If Hunt was hoping for a lessening of resolve, he was thwarted once again as the doctors continue to protect the National Health Service on our behalf.

Members of the public have started posting on social media under the banner of NHS Million. Their aim is to “create a superteam of a million people who love the NHS and want to celebrate everything that is great about it”.

One woman from Manchester whose daughter died shortly after the strike following four weeks of intensive care took time to praise all the staff at Wythenshawe hospital. She challenged Hunt not to use her daughter’s death in any statistics trying to discredit doctors.

That goes to the heart of the dispute – the unsupported claim that patients were dying through lack of weekend cover was the pretext to impose the new contract, with no extra resources. And Hunt tried to up the pressure by suggesting in advance that patients might die as a result of the full strike.

So far he’s not winning the argument with the doctors, other NHS workers or the public.

‘Hunt is not winning many friends in parliament.’

Hunt is not winning many friends in parliament either. On the week before the latest action a cross-party group of MPs called on Hunt to pilot the new junior doctors’ contract in a small number of trusts in a bid to avert an all-out strike.

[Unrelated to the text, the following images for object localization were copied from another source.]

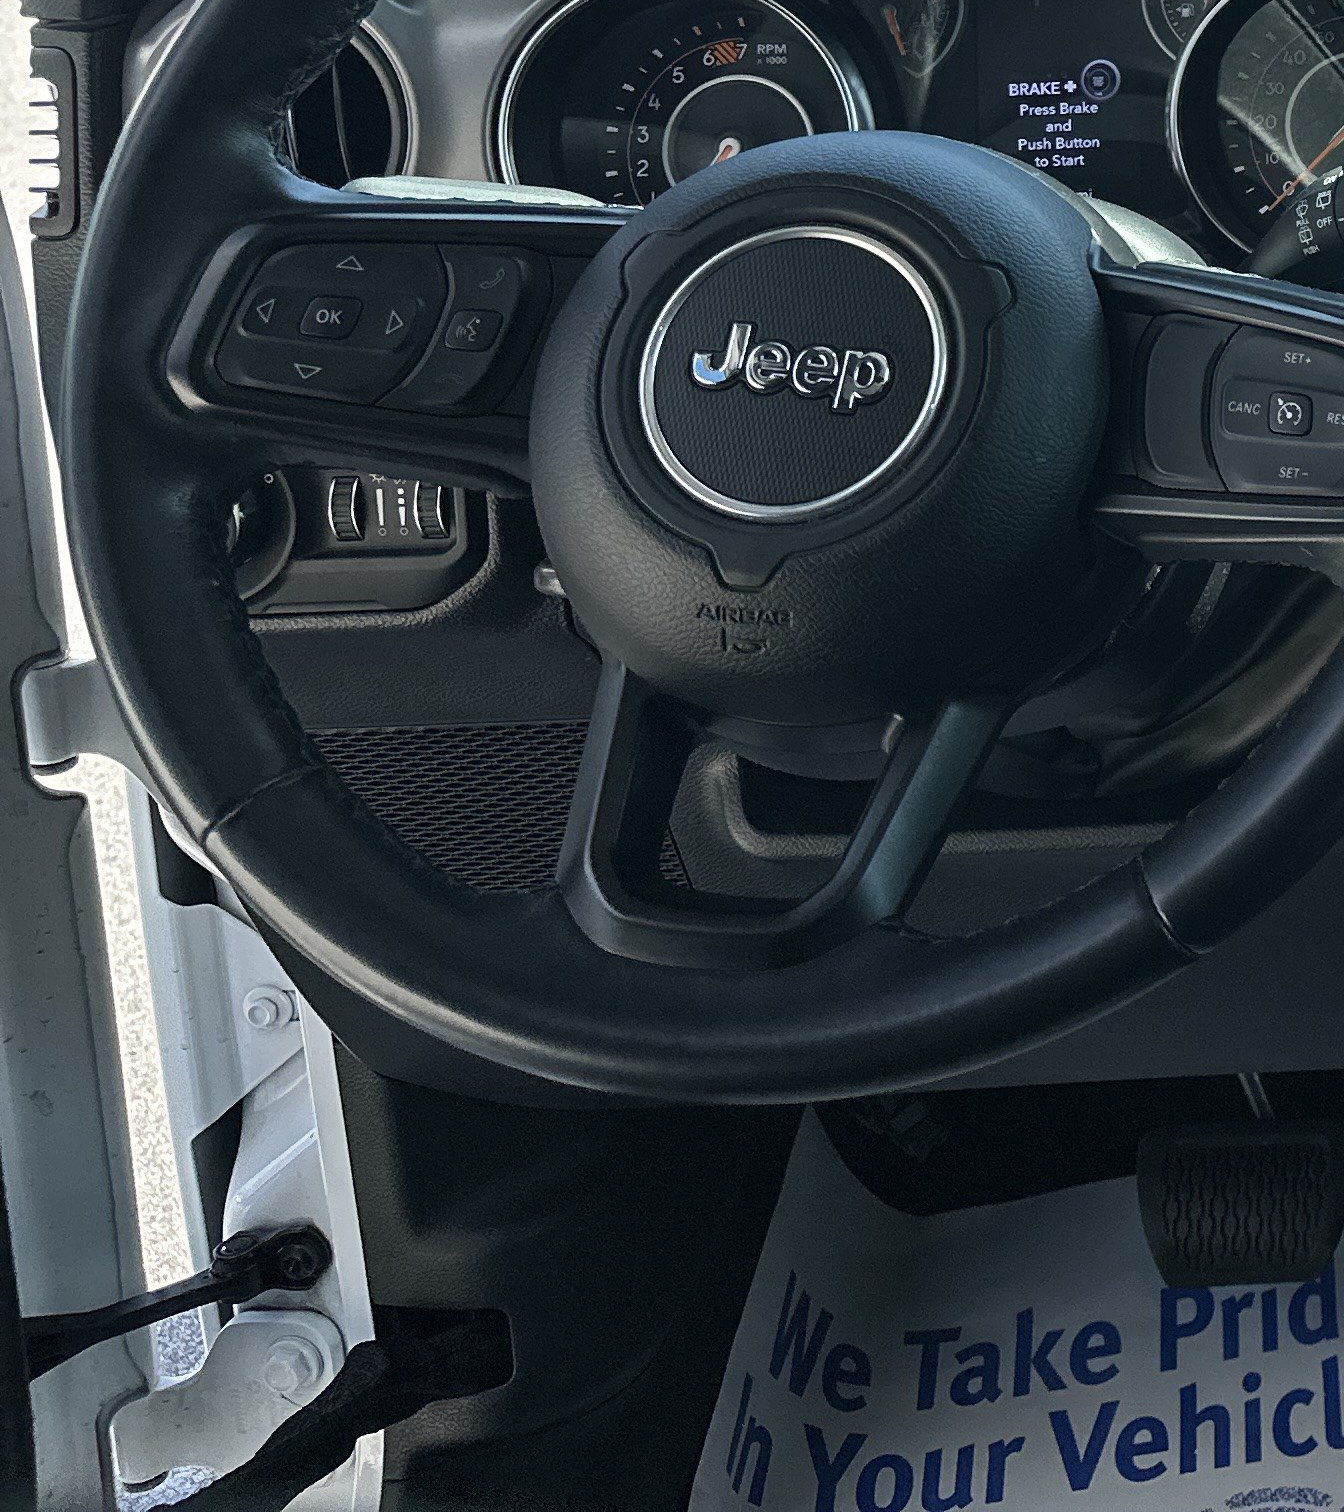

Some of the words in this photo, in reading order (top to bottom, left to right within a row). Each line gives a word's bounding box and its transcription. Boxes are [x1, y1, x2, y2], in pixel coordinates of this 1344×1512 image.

[702, 47, 715, 66] 6
[735, 43, 748, 61] 7
[757, 43, 788, 56] RPM
[766, 56, 788, 65] 1000
[1282, 50, 1307, 66] 40
[672, 67, 685, 84] 5
[1009, 82, 1061, 97] BRAKE
[1265, 81, 1286, 95] 30
[647, 93, 661, 111] 4
[1019, 103, 1056, 116] Press
[1059, 102, 1099, 115] Brake
[1045, 119, 1072, 133] and
[1254, 114, 1277, 130] 20
[636, 126, 650, 144] 3
[1018, 137, 1052, 151] Push
[1055, 136, 1100, 150] Button
[1034, 157, 1049, 168] to
[1052, 154, 1085, 167] Start
[1265, 152, 1280, 164] 10
[636, 160, 649, 178] 2
[1316, 217, 1333, 229] OFF
[1302, 245, 1321, 256] PUSH
[315, 307, 342, 325] OK
[693, 322, 892, 412] Jeep
[1227, 400, 1262, 416] CANC
[767, 1268, 873, 1412] We
[904, 1309, 1123, 1412] Take
[726, 1372, 774, 1507] In
[803, 1422, 1027, 1512] Your
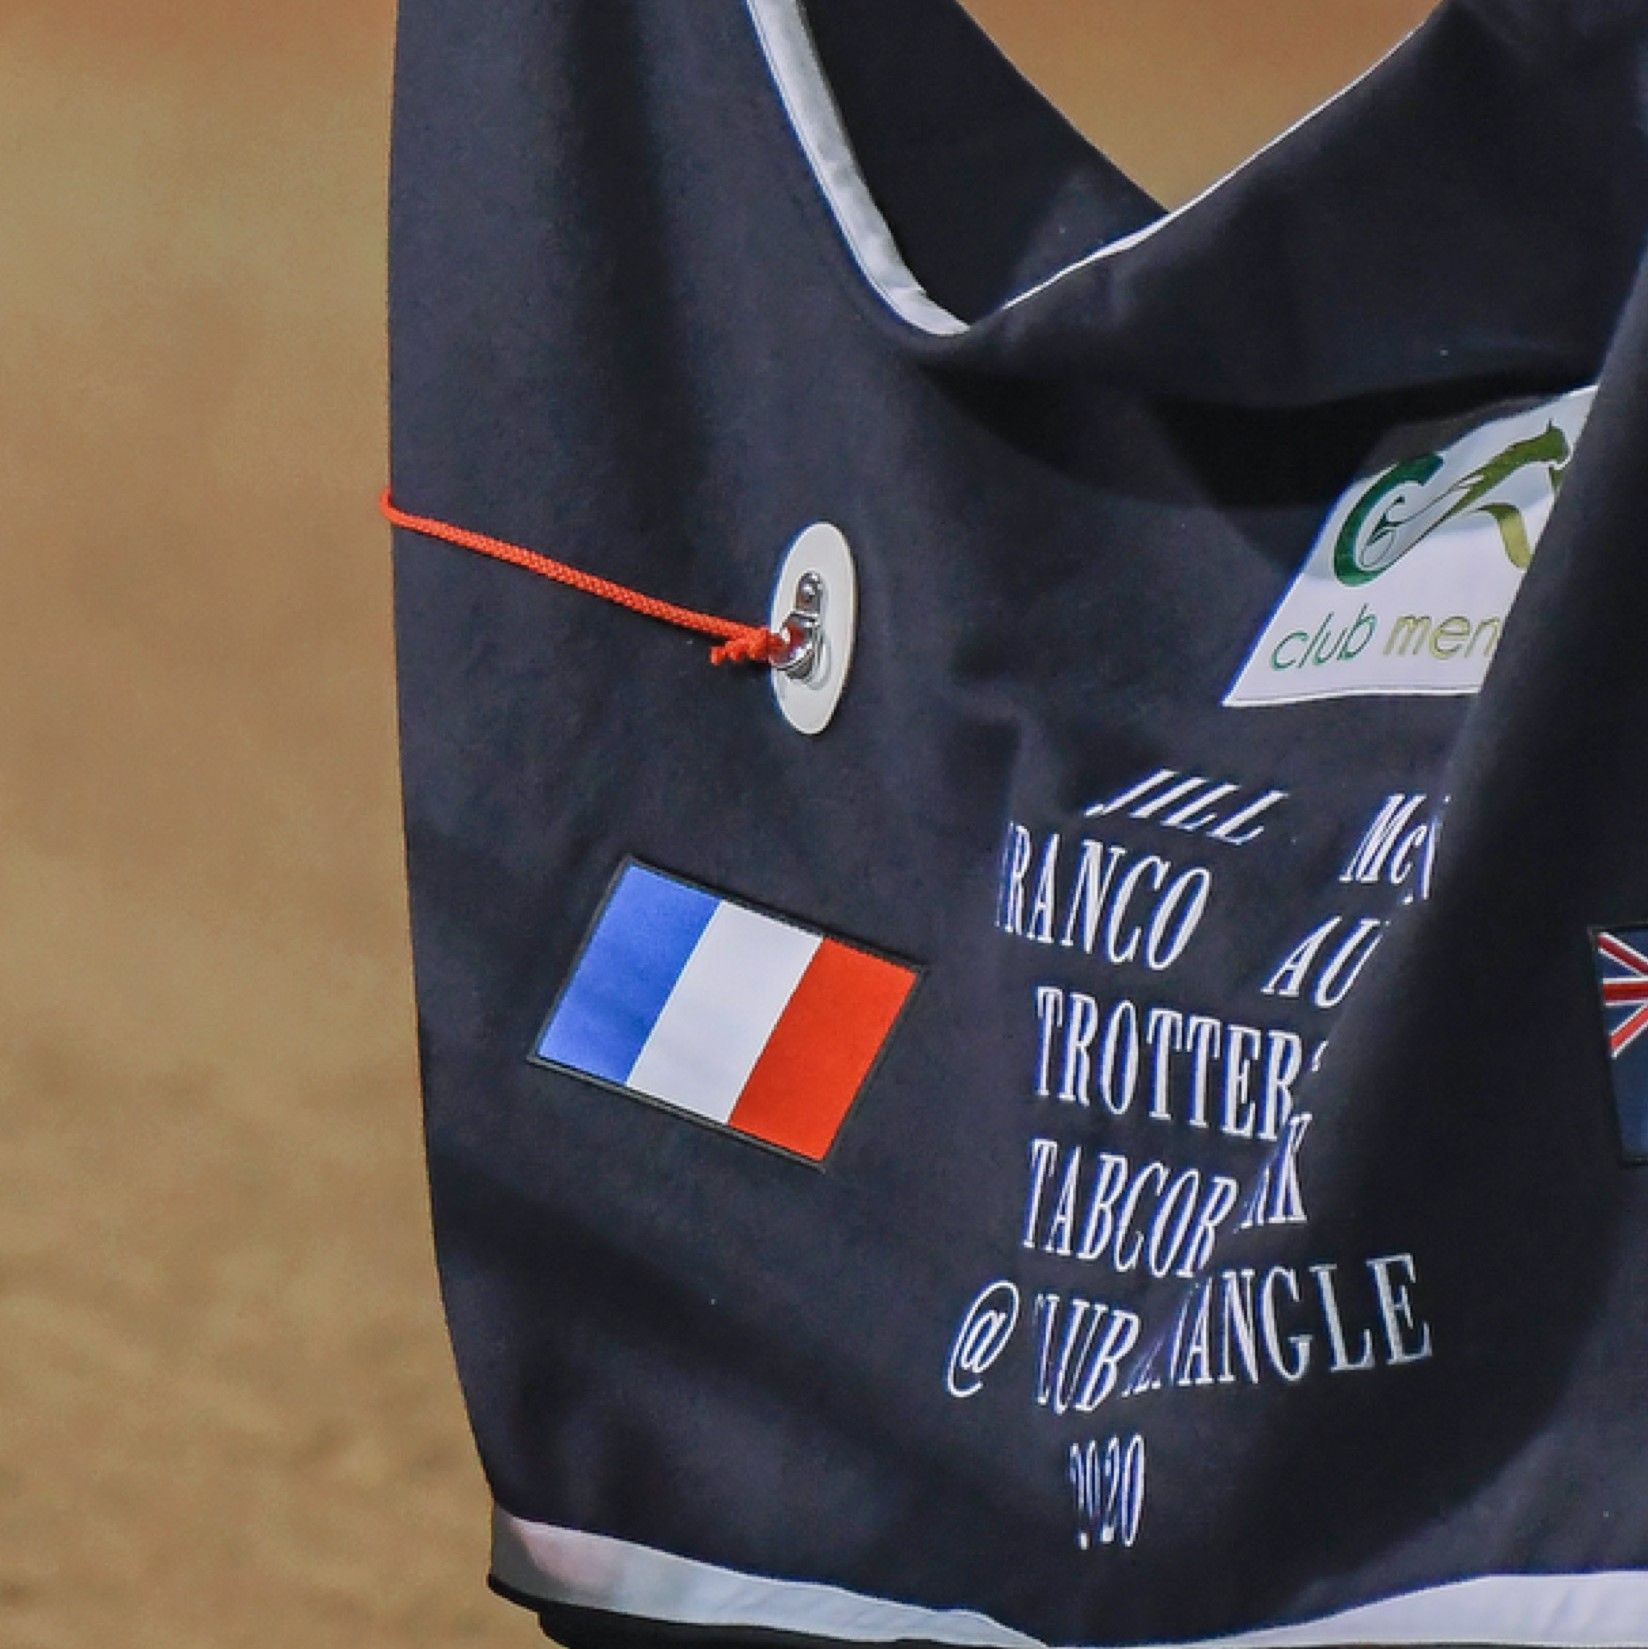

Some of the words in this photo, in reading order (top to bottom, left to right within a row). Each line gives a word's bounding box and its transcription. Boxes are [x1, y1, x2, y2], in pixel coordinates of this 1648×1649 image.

[1270, 602, 1378, 672] club
[994, 820, 1212, 971] RANCO
[1084, 768, 1291, 846] JILL
[1337, 792, 1452, 906] Mc
[1034, 985, 1329, 1143] TROTTER
[1121, 1252, 1433, 1399] ANGLE
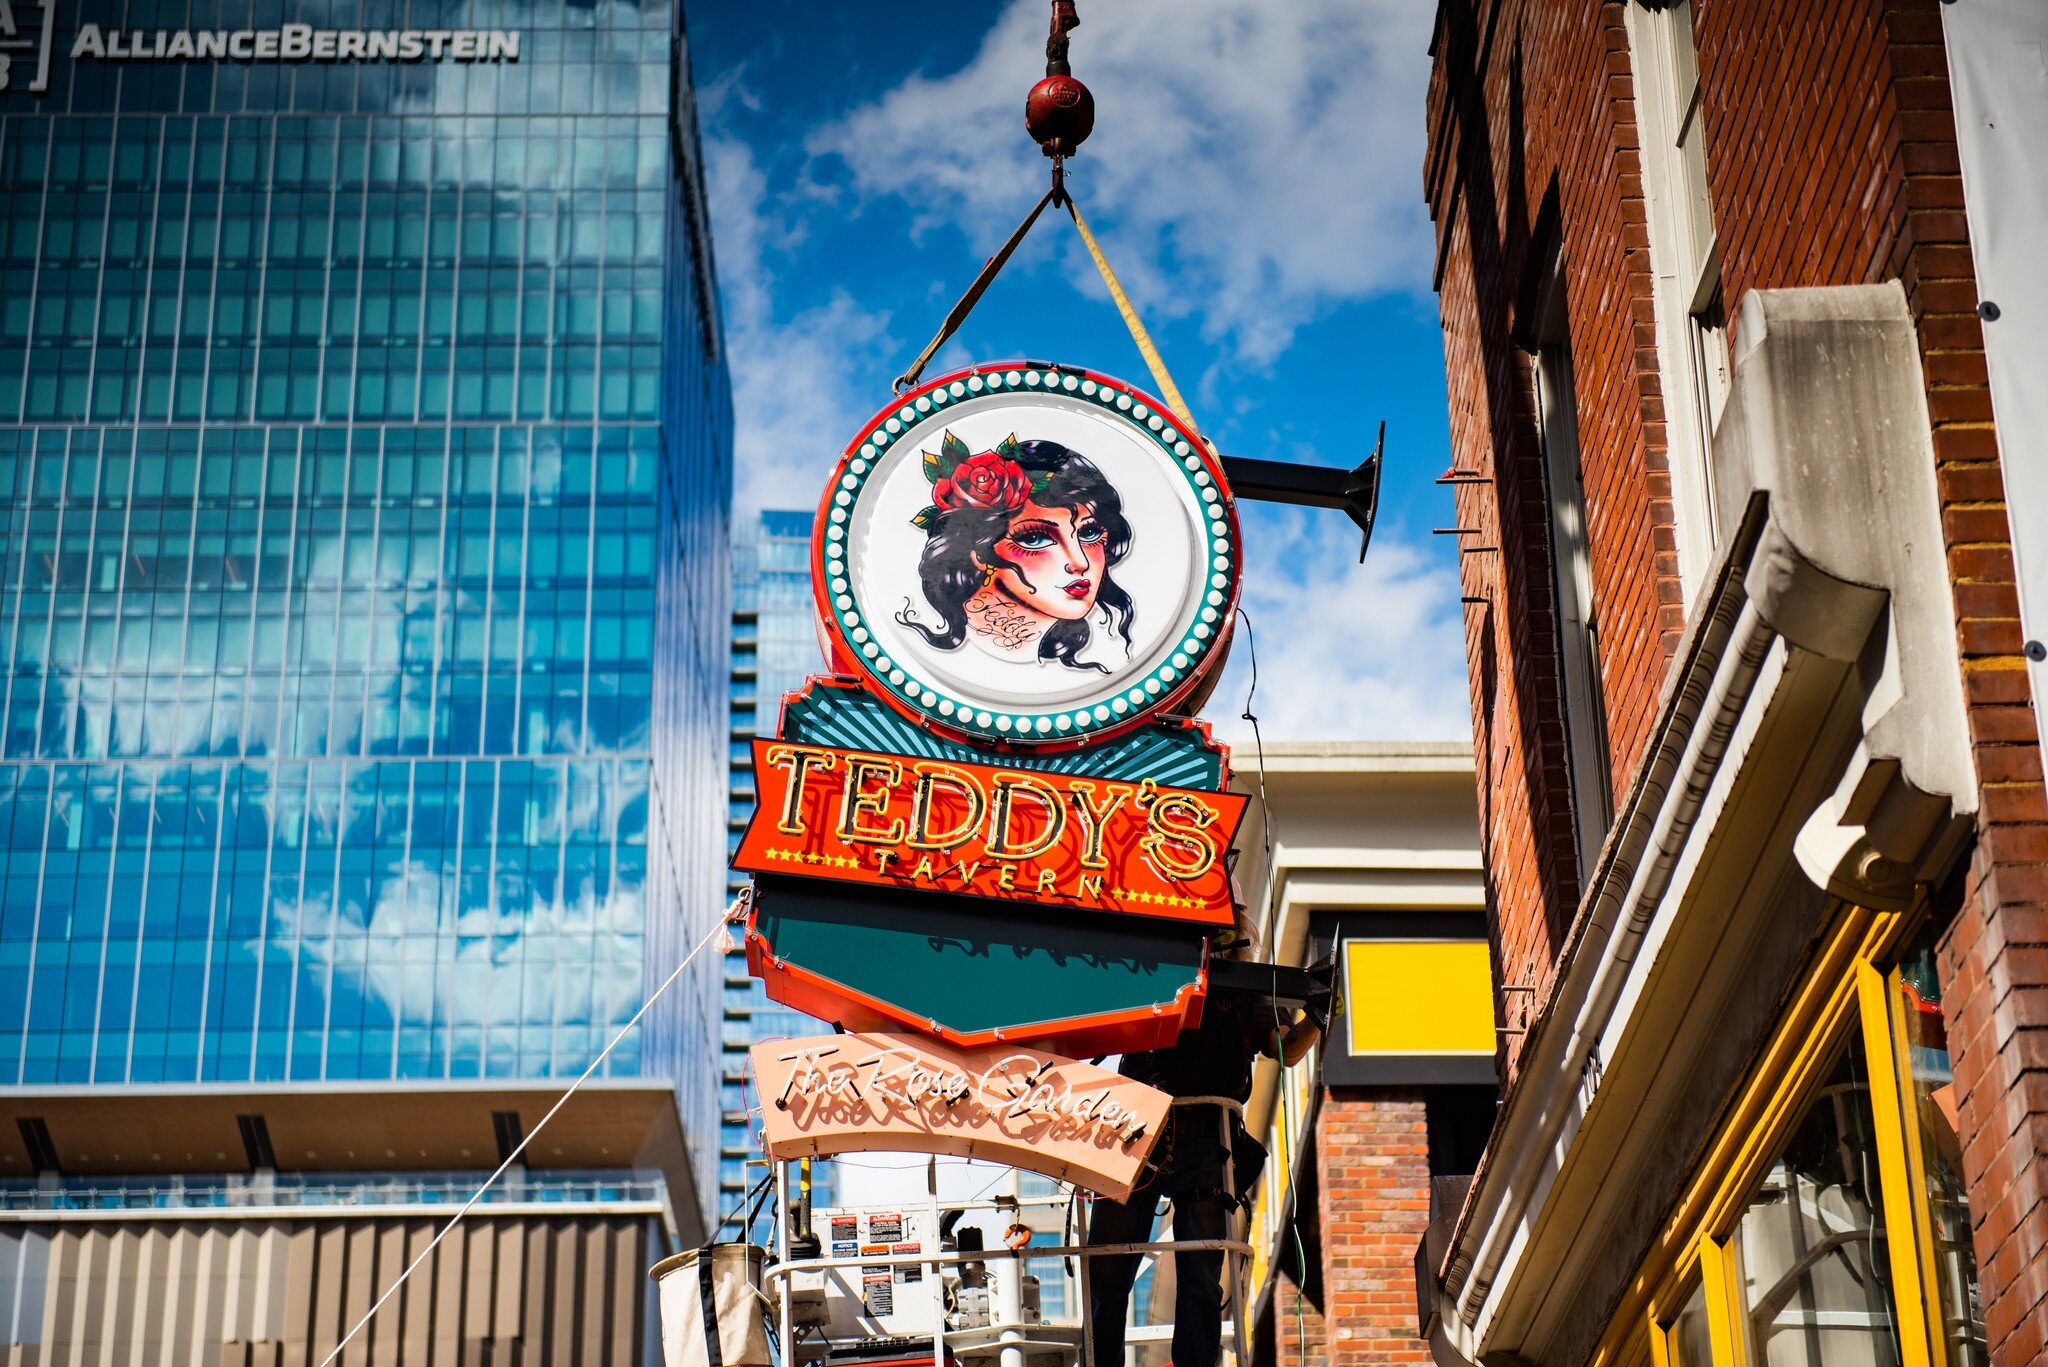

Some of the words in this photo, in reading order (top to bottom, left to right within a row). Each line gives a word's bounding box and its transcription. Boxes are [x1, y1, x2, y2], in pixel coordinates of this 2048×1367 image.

[766, 745, 1218, 878] TEDDY'S
[874, 848, 1102, 899] TAVERN
[776, 1045, 853, 1106] The
[857, 1047, 970, 1109] Rose
[977, 1054, 1147, 1132] Garden

They called for an independent evaluation of the “weekend effect” to ensure that medical staff deployment was the actual cause.

The cross-party proposal received support from the Royal College of Surgeons, which sees it as a possible way out of the current impasse.

All Hunt had to do to accept this was to withdraw imposition and negotiate. But knowing it was too late once hospital contingency plans were in place, he offered a meeting on the Monday before the action was due to start to discuss a better way forward.

Last job

In the following press conference he intimated that Secretary of State for Health would be his last big job. That’s a decision that the doctors have already taken on his behalf.

The Conservative Party election manifesto last year made a number of health related pledges. It said that patients, doctors and nurses were the experts on how to improve people’s health so they would be given greater power and accountability by this government than by any other. In reality neither they nor their Royal Colleges (professional bodies) are listened to.

The government says that spending will increase by a minimum of £8 billion in real terms over the next five years. In fact NHS trusts have an accumulated a financial deficit of around £2 billion for this financial year alone.

‘Unfilled vacancies are legion.’

It also says that a record numbers of doctors (9,500) and nurses (6,900) have been recruited over the past five years. Those figures are not reflected in the National Professional Register for either doctors or nurses. Unfilled vacancies are legion.


Junior doctors and supporters marching in London on 27 April. Photo Workers.

The manifesto made no reference to doctors’ contracts or to the withdrawal of the student bursaries that previously supported nursing and midwifery training. But there was a promise that by 2020 everyone will be able to see their GP between 8am and 8pm 7 days a week. People over 75 would be guaranteed same day GP appointments.  And a cap would be introduced on residential social care and nursing home costs to avoid the need to sell the family home.

No one believes that Hunt or the Treasury have any intention of delivering these promises.

Proper staffing

The electorate wants to see hospitals properly staffed so that the quality of care is the same every day of the week. It doesn’t want to see the NHS torn apart on the pretence that it will be improved by weekend elective surgery (with no new resources).

Any proposed extended services must be appropriate and safe for doctor and patient alike, and achievable within current manpower and resources. That’s what negotiations should be doing.

But the government has turned its back on that approach. It attacks the very people we rely on to look after us when we are ill. They are the ones who can say what changes are necessary, safe and achievable.